Dataset records START

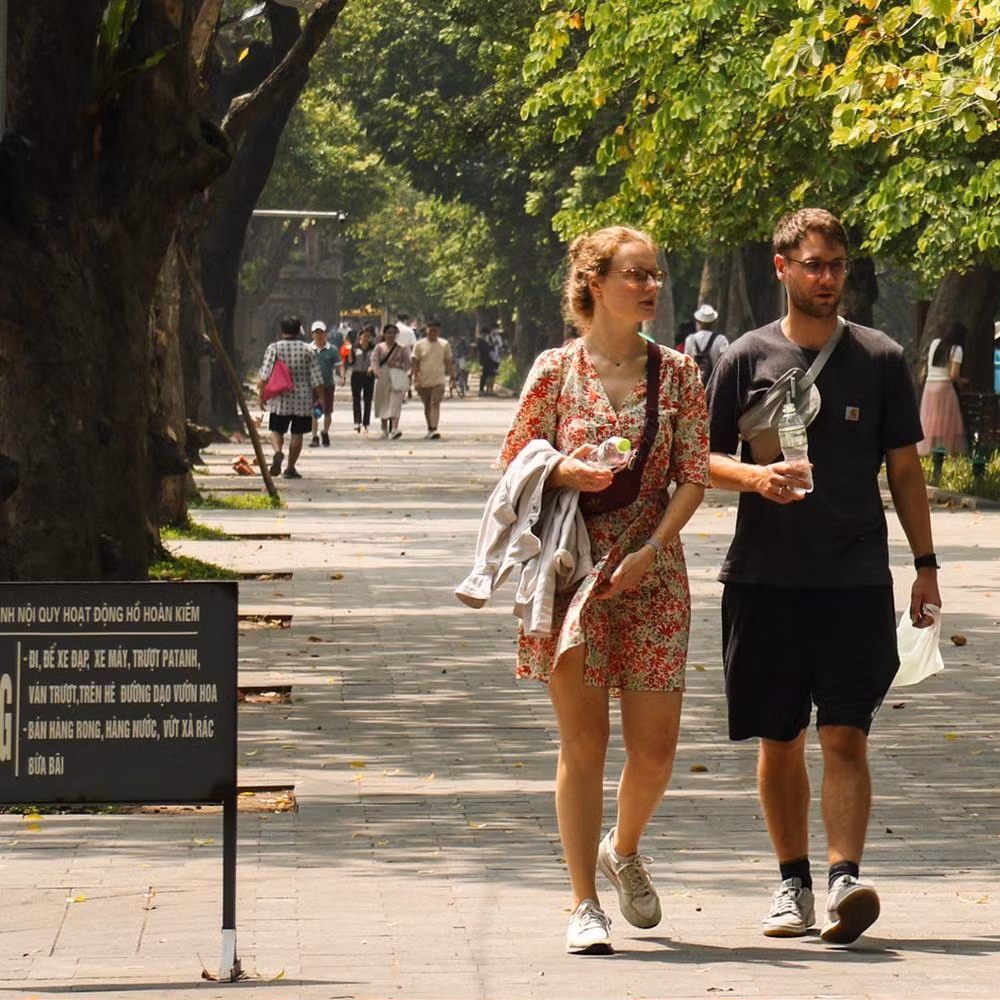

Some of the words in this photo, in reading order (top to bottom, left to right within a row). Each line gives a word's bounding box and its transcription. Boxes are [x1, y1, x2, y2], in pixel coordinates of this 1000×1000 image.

[17, 603, 36, 627] NỘI
[38, 606, 61, 623] QUY
[63, 606, 92, 627] HOẠT
[93, 602, 124, 627] ĐỘNG
[143, 602, 173, 622] HOÀN
[175, 601, 200, 622] KIẾM
[57, 649, 70, 669] XE
[94, 649, 106, 668] XE
[132, 648, 161, 672] TRƯỢT
[28, 681, 48, 704] VÁN
[173, 680, 198, 703] VƯỜN
[199, 684, 218, 702] HOA
[28, 715, 48, 740] BÁN
[49, 716, 75, 739] HÀNG
[105, 715, 131, 739] HÀNG
[163, 714, 180, 738] VỨT
[181, 712, 195, 738] XẢ
[196, 715, 215, 738] RÁC
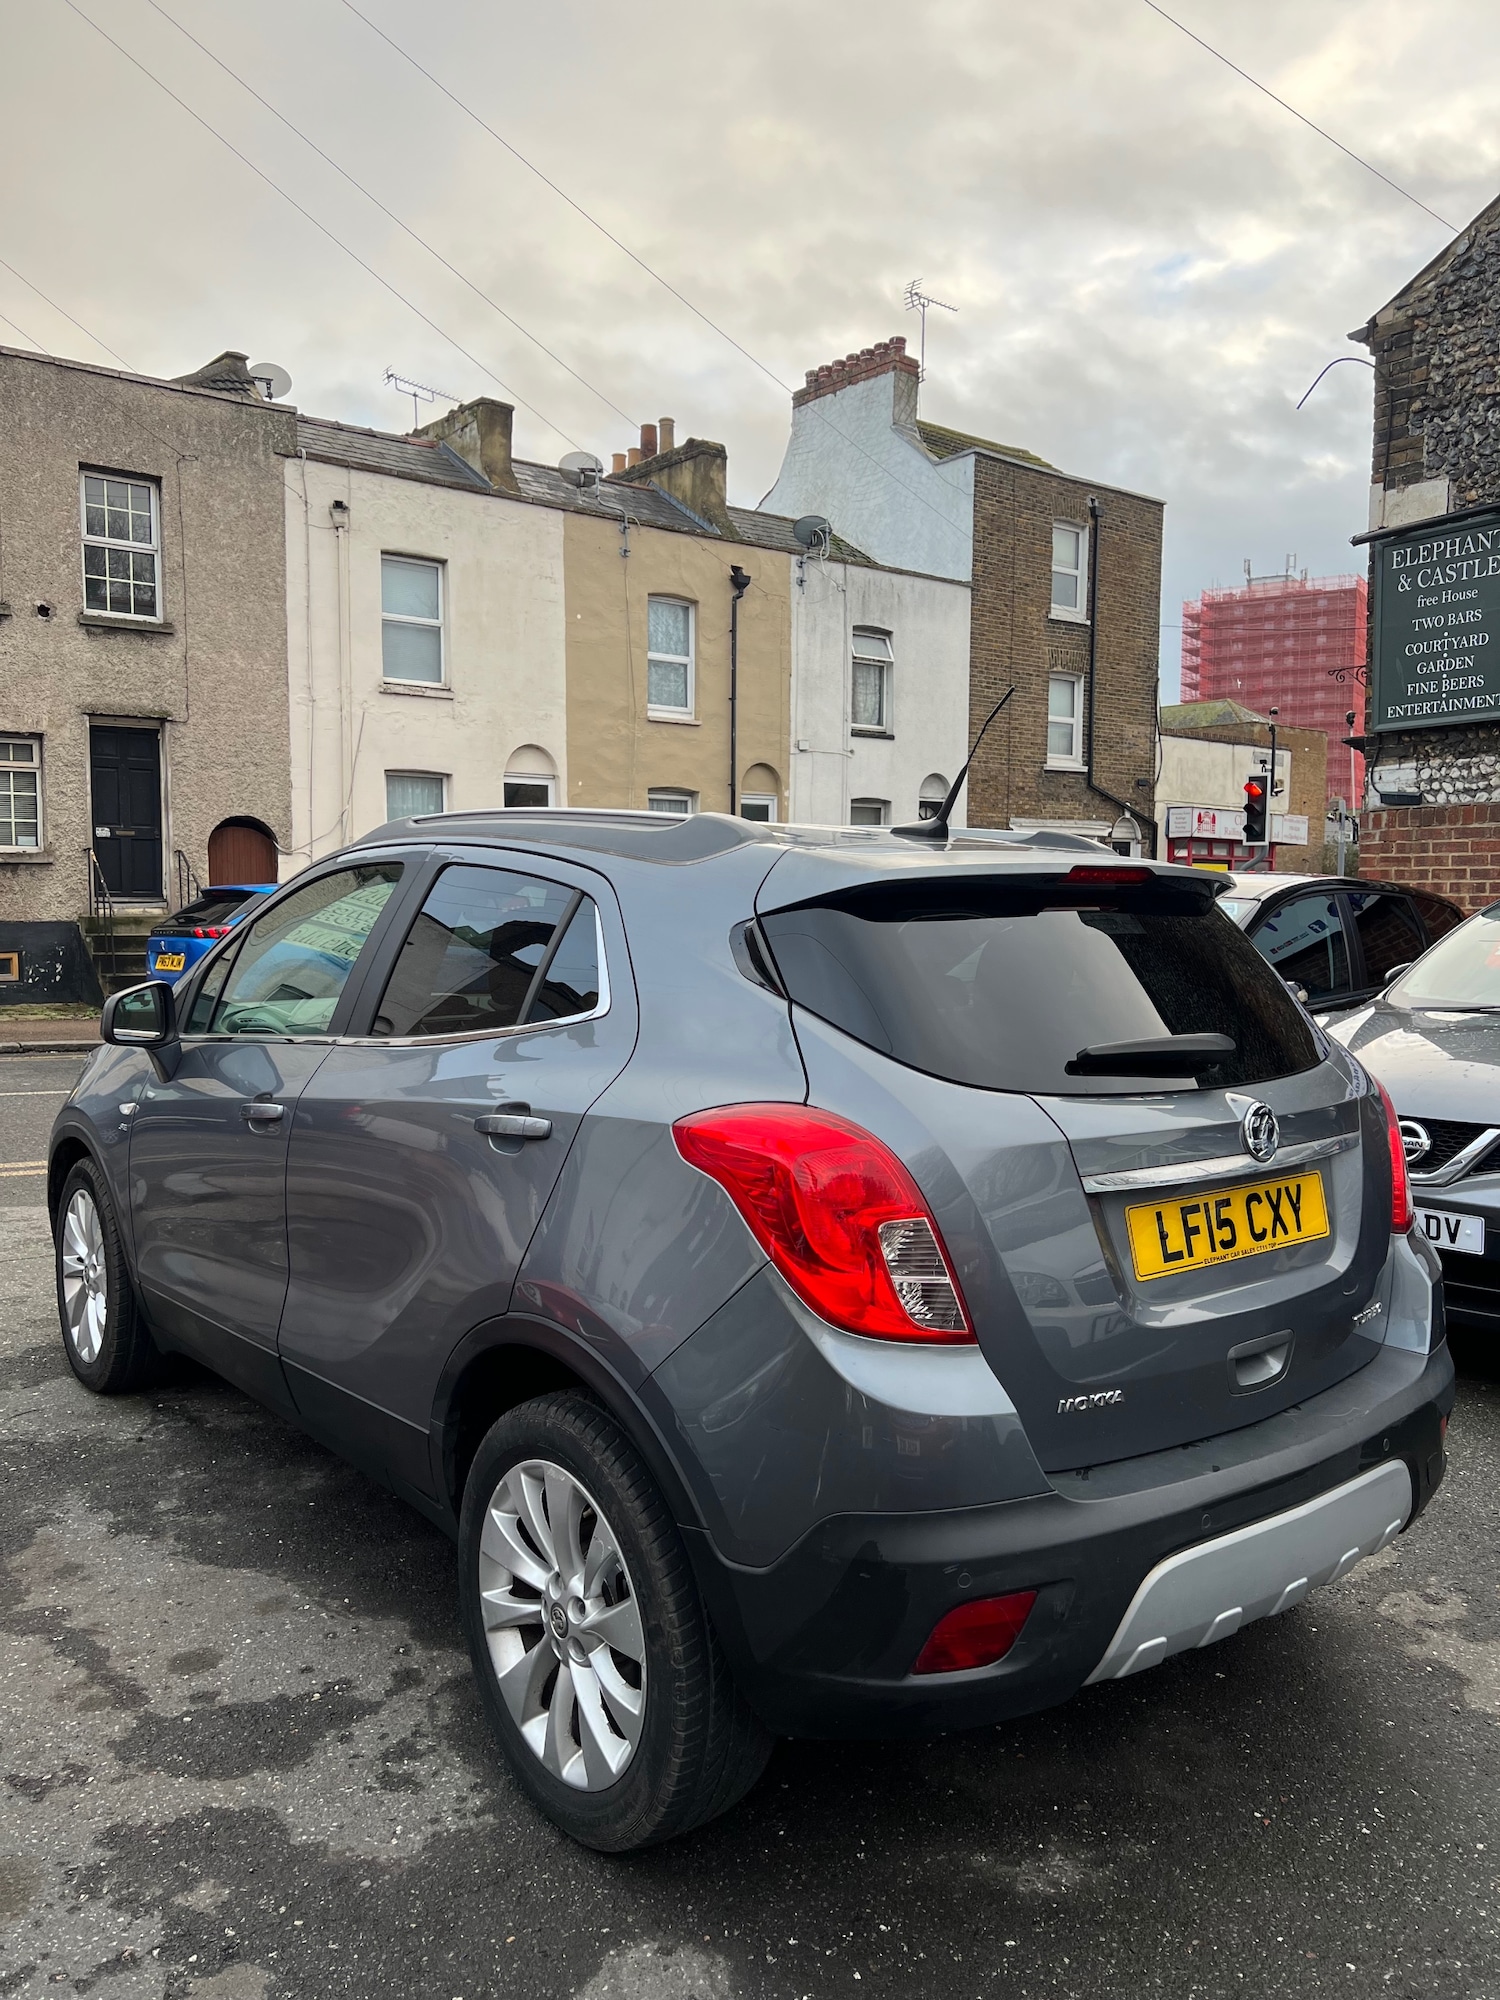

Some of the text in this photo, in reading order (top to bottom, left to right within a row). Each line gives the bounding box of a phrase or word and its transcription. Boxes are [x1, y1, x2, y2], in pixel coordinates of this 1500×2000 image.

[1397, 555, 1500, 593] & CASTLE
[1417, 588, 1478, 608] free House
[1412, 608, 1482, 631] TWO BARS
[1404, 632, 1489, 656] COURTYARD
[1416, 655, 1475, 675] GARDEN
[1407, 674, 1484, 695] FINE BEERS
[1155, 1183, 1303, 1264] LF15 CXY
[1424, 1214, 1461, 1244] DV
[1203, 1253, 1229, 1264] ELEPHANT
[1241, 1247, 1256, 1256] SALES
[1057, 1389, 1125, 1414] MOKKA
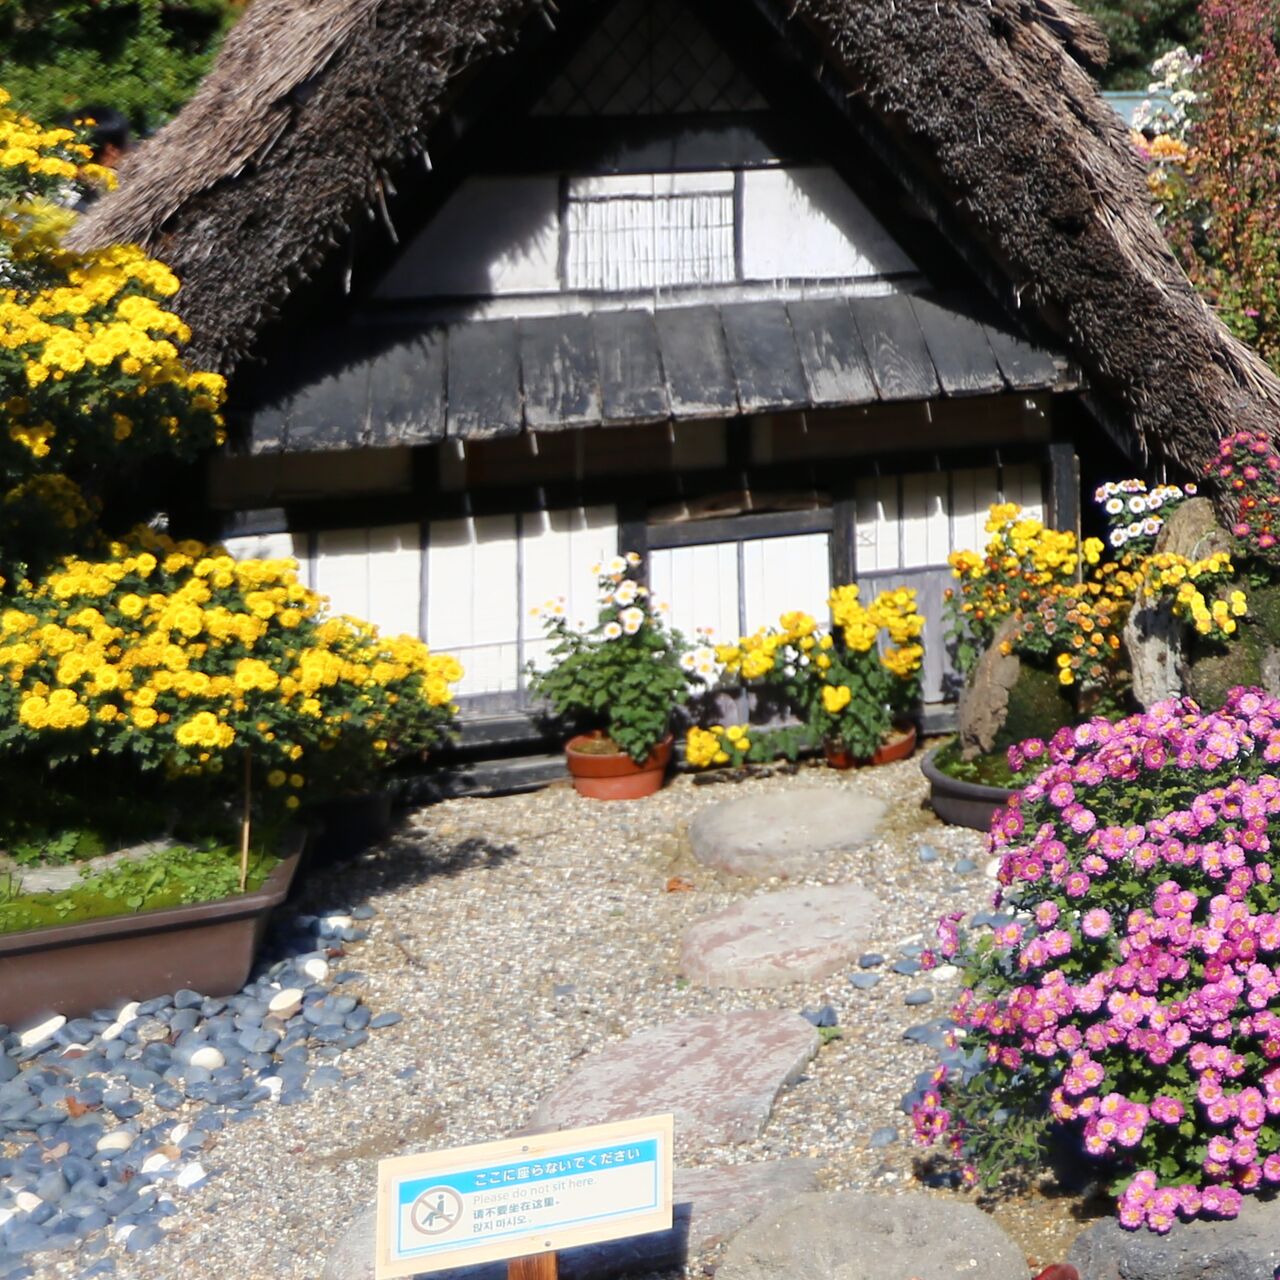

Dataset records END

→ **Exercise**
Word for word, write out each of the records, but not the pictures.

→ **The completed task**
Some of the words in this photo, in reading order (top to bottom, left to right within a row). Each line gives a word's bounding box and its transcription. Boxes are [x1, y1, x2, y2], in pixel coordinates of this 1000×1000 image.

[17, 603, 36, 627] NỘI
[38, 606, 61, 623] QUY
[63, 606, 92, 627] HOẠT
[93, 602, 124, 627] ĐỘNG
[143, 602, 173, 622] HOÀN
[175, 601, 200, 622] KIẾM
[57, 649, 70, 669] XE
[94, 649, 106, 668] XE
[132, 648, 161, 672] TRƯỢT
[28, 681, 48, 704] VÁN
[173, 680, 198, 703] VƯỜN
[199, 684, 218, 702] HOA
[28, 715, 48, 740] BÁN
[49, 716, 75, 739] HÀNG
[105, 715, 131, 739] HÀNG
[163, 714, 180, 738] VỨT
[181, 712, 195, 738] XẢ
[196, 715, 215, 738] RÁC

Some of the text in this photo, in reading order (top to bottom, left to right within a row). Each line gives the bounding box of a phrase or word and its transcription. Boxes are [x1, y1, x2, y2], in pixel coordinates of this 1500×2000 image.

[1397, 555, 1500, 593] & CASTLE
[1417, 588, 1478, 608] free House
[1412, 608, 1482, 631] TWO BARS
[1404, 632, 1489, 656] COURTYARD
[1416, 655, 1475, 675] GARDEN
[1407, 674, 1484, 695] FINE BEERS
[1155, 1183, 1303, 1264] LF15 CXY
[1424, 1214, 1461, 1244] DV
[1203, 1253, 1229, 1264] ELEPHANT
[1241, 1247, 1256, 1256] SALES
[1057, 1389, 1125, 1414] MOKKA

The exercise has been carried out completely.